→ Goal of the exercise: Repeat every entry exactly. Do not include the pictures.

(Records drawn from a dataset)
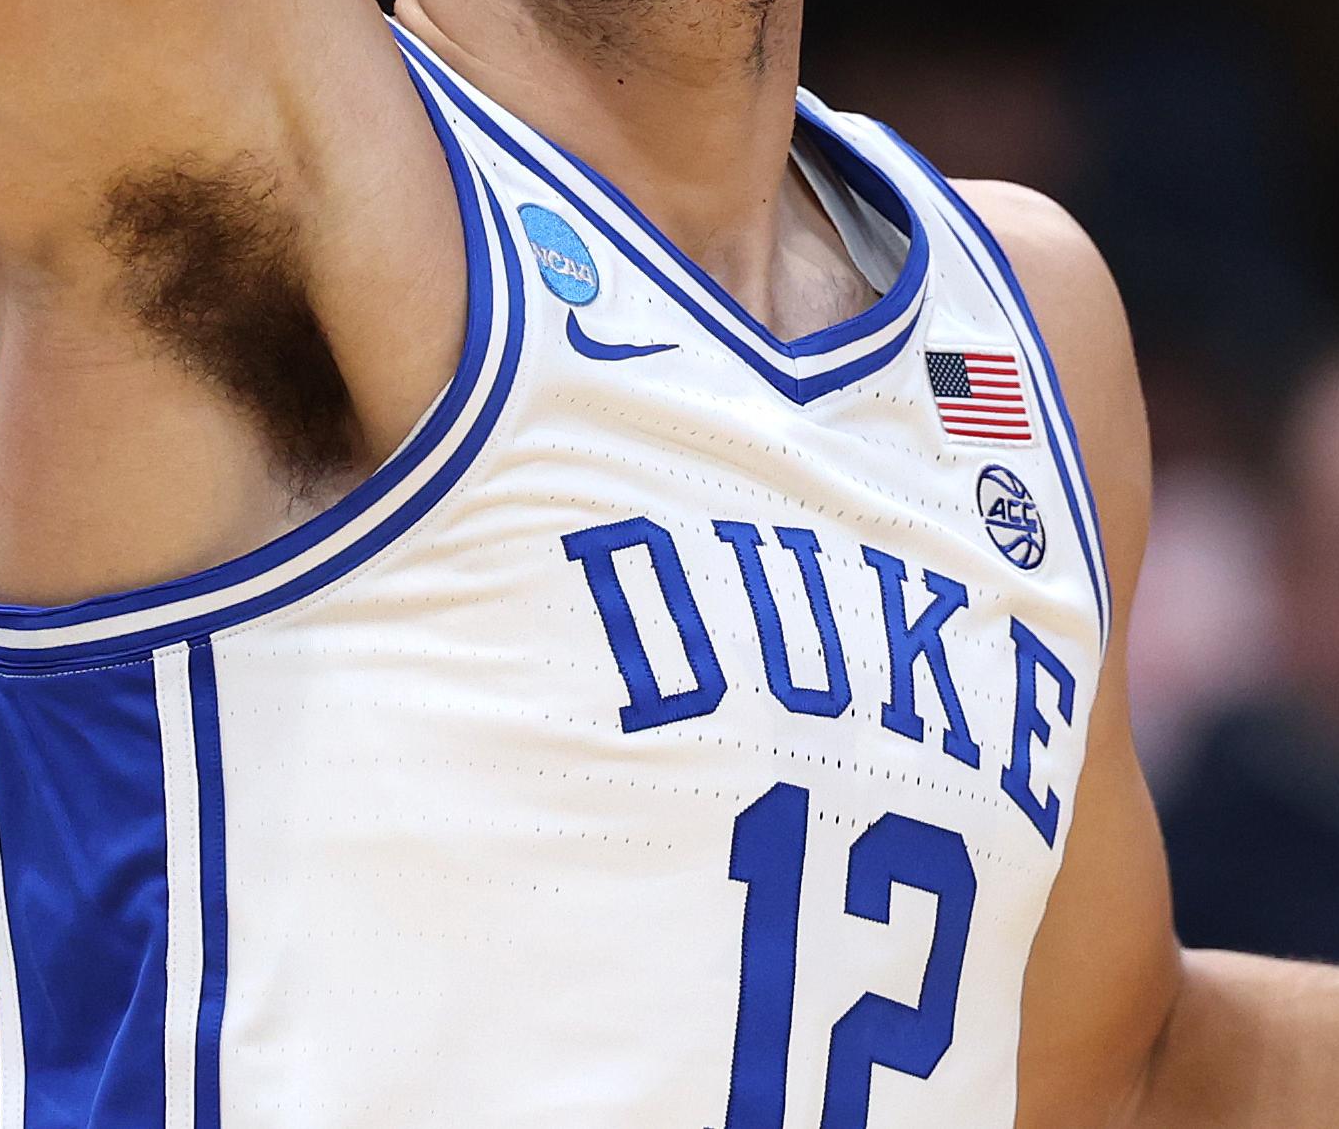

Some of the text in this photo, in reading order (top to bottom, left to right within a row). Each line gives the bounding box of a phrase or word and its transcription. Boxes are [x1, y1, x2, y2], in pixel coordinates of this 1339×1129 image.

[530, 242, 598, 287] NCAA
[988, 497, 1037, 526] ACC
[562, 517, 1076, 847] DUKE
[705, 781, 977, 1129] 12
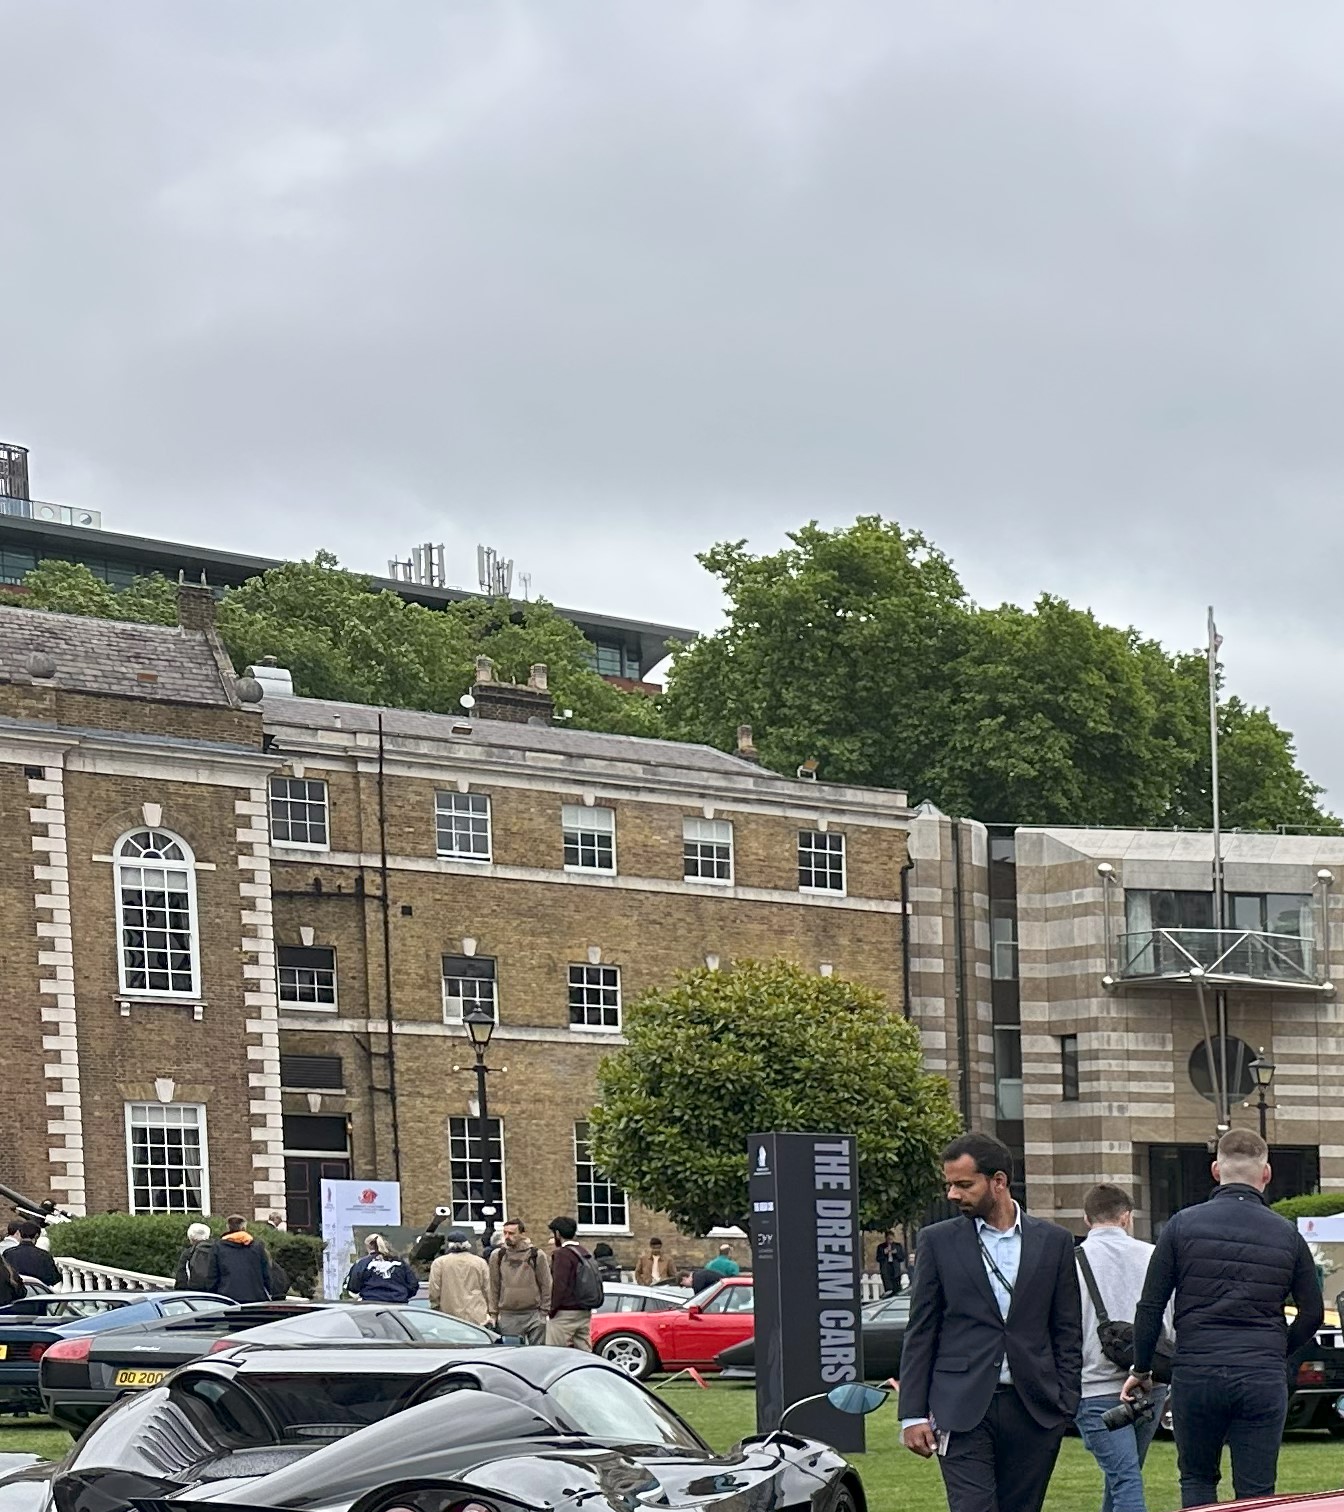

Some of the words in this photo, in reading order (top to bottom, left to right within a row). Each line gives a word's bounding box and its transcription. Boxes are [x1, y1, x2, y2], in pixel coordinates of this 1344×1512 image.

[814, 1140, 850, 1190] THE
[816, 1200, 854, 1300] DREAM
[819, 1309, 857, 1383] CARS

→ Response to the task:
Some of the text in this photo, in reading order (top to bottom, left to right within a row). Each line gives the bounding box of a phrase or word and its transcription. Boxes are [x1, y1, x2, y2], in pixel coordinates of this 1339×1129 image.

[530, 242, 598, 287] NCAA
[988, 497, 1037, 526] ACC
[562, 517, 1076, 847] DUKE
[705, 781, 977, 1129] 12

Some of the words in this photo, in reading order (top to bottom, left to right within a row). Each line gives a word's bounding box and its transcription. Boxes are [x1, y1, x2, y2], in pixel coordinates of this 1344×1512 image.

[814, 1140, 850, 1190] THE
[816, 1200, 854, 1300] DREAM
[819, 1309, 857, 1383] CARS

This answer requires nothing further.